Requirement:
Copy the data below exactly, but not the pictures it contains.

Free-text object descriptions
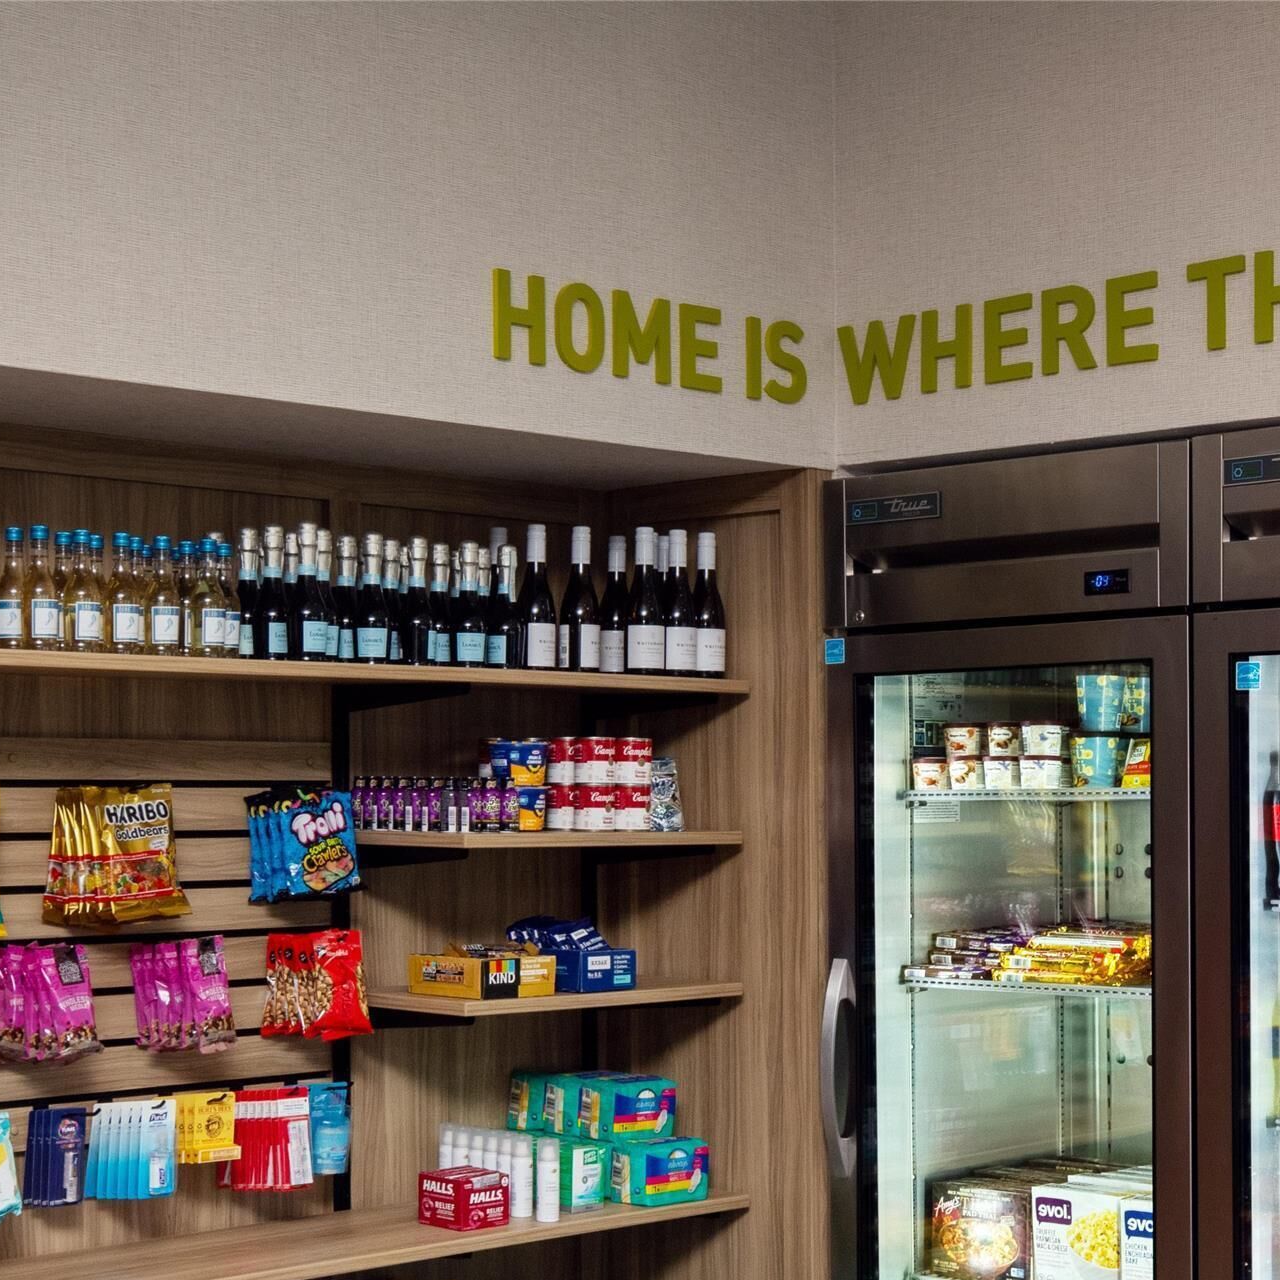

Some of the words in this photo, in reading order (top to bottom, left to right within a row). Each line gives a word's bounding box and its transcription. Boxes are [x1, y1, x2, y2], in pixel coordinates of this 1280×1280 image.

[492, 268, 721, 393] HOME
[745, 316, 807, 404] IS
[837, 271, 1158, 404] WHERE
[104, 801, 169, 825] HARIBO
[292, 802, 346, 844] Trolli
[115, 825, 169, 841] Goldbears
[489, 972, 516, 984] KIND
[434, 1201, 455, 1211] RELIEF
[933, 1196, 962, 1217] Amy's

Exercise answer:
Some of the words in this photo, in reading order (top to bottom, left to right within a row). Each line gives a word's bounding box and its transcription. Boxes are [x1, y1, x2, y2], in pixel coordinates of this 1280×1280 image.

[492, 268, 721, 393] HOME
[745, 316, 807, 404] IS
[837, 271, 1158, 404] WHERE
[104, 801, 169, 825] HARIBO
[292, 802, 346, 844] Trolli
[115, 825, 169, 841] Goldbears
[489, 972, 516, 984] KIND
[434, 1201, 455, 1211] RELIEF
[933, 1196, 962, 1217] Amy's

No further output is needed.